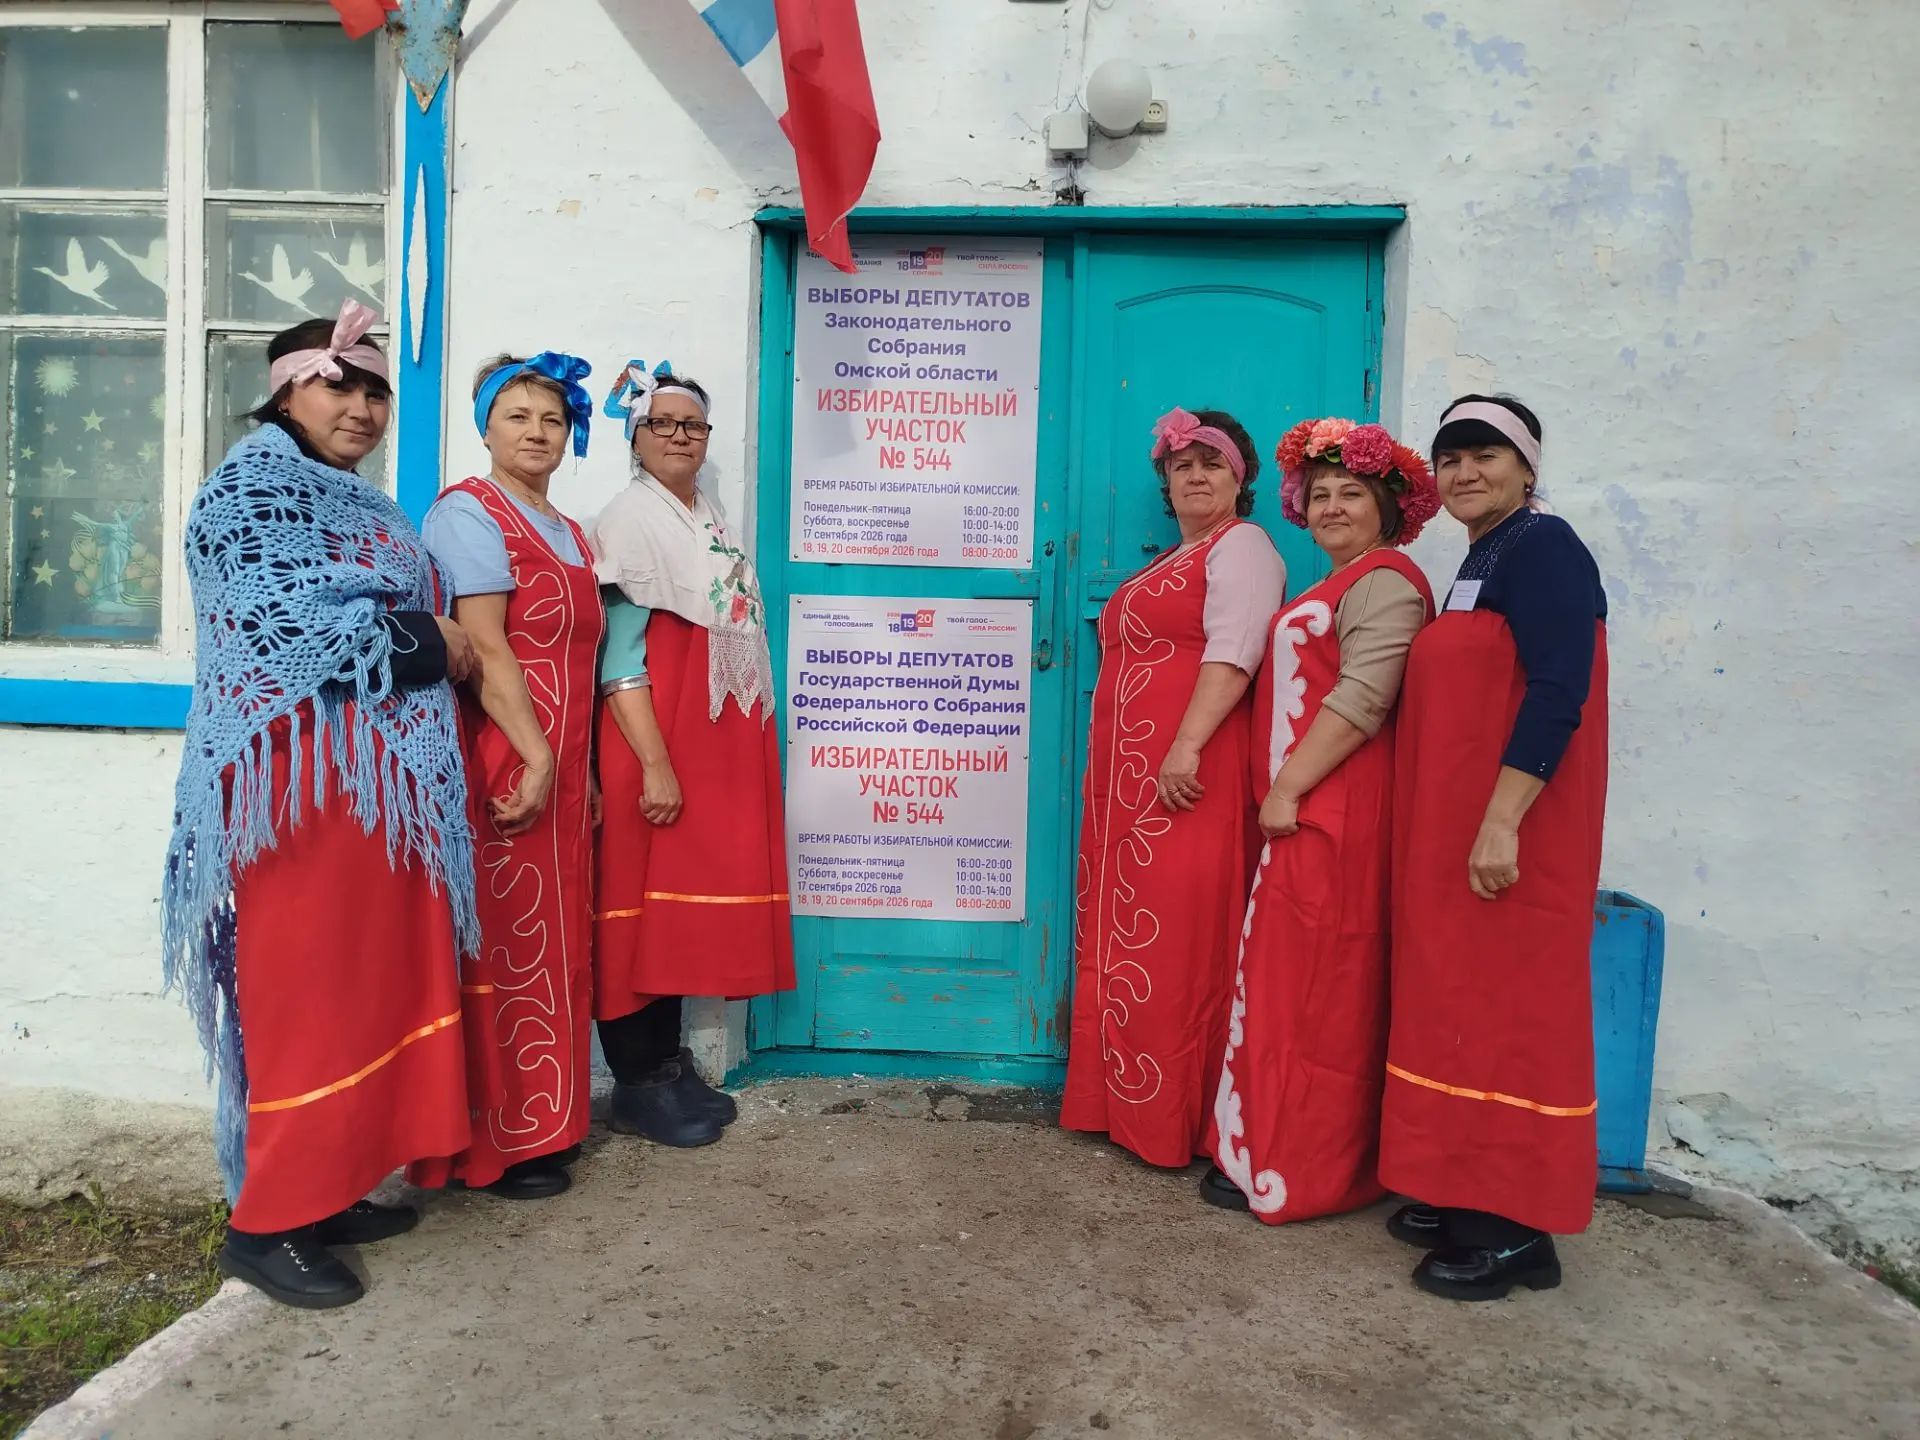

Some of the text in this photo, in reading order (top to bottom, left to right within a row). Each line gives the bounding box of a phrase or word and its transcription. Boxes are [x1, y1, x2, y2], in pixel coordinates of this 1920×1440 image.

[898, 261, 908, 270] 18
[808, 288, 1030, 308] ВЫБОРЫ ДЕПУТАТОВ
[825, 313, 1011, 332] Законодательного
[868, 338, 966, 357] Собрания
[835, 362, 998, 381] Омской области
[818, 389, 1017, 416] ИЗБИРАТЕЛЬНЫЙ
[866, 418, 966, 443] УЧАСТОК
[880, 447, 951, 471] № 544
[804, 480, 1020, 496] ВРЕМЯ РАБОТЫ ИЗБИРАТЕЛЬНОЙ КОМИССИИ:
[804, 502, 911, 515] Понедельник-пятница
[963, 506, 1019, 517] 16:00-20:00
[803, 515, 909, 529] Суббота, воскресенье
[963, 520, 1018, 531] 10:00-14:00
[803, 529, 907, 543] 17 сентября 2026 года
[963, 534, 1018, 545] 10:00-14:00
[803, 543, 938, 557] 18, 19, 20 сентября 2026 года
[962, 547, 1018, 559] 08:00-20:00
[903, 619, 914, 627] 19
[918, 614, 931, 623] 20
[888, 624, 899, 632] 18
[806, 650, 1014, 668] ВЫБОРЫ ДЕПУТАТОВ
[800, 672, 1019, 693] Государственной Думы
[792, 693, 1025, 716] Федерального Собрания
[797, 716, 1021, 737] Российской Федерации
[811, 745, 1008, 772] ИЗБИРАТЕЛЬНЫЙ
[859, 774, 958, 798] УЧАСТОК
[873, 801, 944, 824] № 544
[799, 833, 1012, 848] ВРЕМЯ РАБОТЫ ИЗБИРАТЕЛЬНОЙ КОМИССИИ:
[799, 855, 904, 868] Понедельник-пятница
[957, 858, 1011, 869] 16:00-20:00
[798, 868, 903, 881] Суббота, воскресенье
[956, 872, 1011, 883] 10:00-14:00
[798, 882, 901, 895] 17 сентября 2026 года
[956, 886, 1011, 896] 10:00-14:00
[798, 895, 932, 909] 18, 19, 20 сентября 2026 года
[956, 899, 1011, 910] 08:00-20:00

* Task objective
Retype the records in full, exactly as given, and omit the pictures.

* Your solution
Some of the text in this photo, in reading order (top to bottom, left to right within a row). Each line gives the bounding box of a phrase or word and its transcription. Boxes are [x1, y1, x2, y2], in pixel coordinates of this 1920×1440 image.

[898, 261, 908, 270] 18
[808, 288, 1030, 308] ВЫБОРЫ ДЕПУТАТОВ
[825, 313, 1011, 332] Законодательного
[868, 338, 966, 357] Собрания
[835, 362, 998, 381] Омской области
[818, 389, 1017, 416] ИЗБИРАТЕЛЬНЫЙ
[866, 418, 966, 443] УЧАСТОК
[880, 447, 951, 471] № 544
[804, 480, 1020, 496] ВРЕМЯ РАБОТЫ ИЗБИРАТЕЛЬНОЙ КОМИССИИ:
[804, 502, 911, 515] Понедельник-пятница
[963, 506, 1019, 517] 16:00-20:00
[803, 515, 909, 529] Суббота, воскресенье
[963, 520, 1018, 531] 10:00-14:00
[803, 529, 907, 543] 17 сентября 2026 года
[963, 534, 1018, 545] 10:00-14:00
[803, 543, 938, 557] 18, 19, 20 сентября 2026 года
[962, 547, 1018, 559] 08:00-20:00
[903, 619, 914, 627] 19
[918, 614, 931, 623] 20
[888, 624, 899, 632] 18
[806, 650, 1014, 668] ВЫБОРЫ ДЕПУТАТОВ
[800, 672, 1019, 693] Государственной Думы
[792, 693, 1025, 716] Федерального Собрания
[797, 716, 1021, 737] Российской Федерации
[811, 745, 1008, 772] ИЗБИРАТЕЛЬНЫЙ
[859, 774, 958, 798] УЧАСТОК
[873, 801, 944, 824] № 544
[799, 833, 1012, 848] ВРЕМЯ РАБОТЫ ИЗБИРАТЕЛЬНОЙ КОМИССИИ:
[799, 855, 904, 868] Понедельник-пятница
[957, 858, 1011, 869] 16:00-20:00
[798, 868, 903, 881] Суббота, воскресенье
[956, 872, 1011, 883] 10:00-14:00
[798, 882, 901, 895] 17 сентября 2026 года
[956, 886, 1011, 896] 10:00-14:00
[798, 895, 932, 909] 18, 19, 20 сентября 2026 года
[956, 899, 1011, 910] 08:00-20:00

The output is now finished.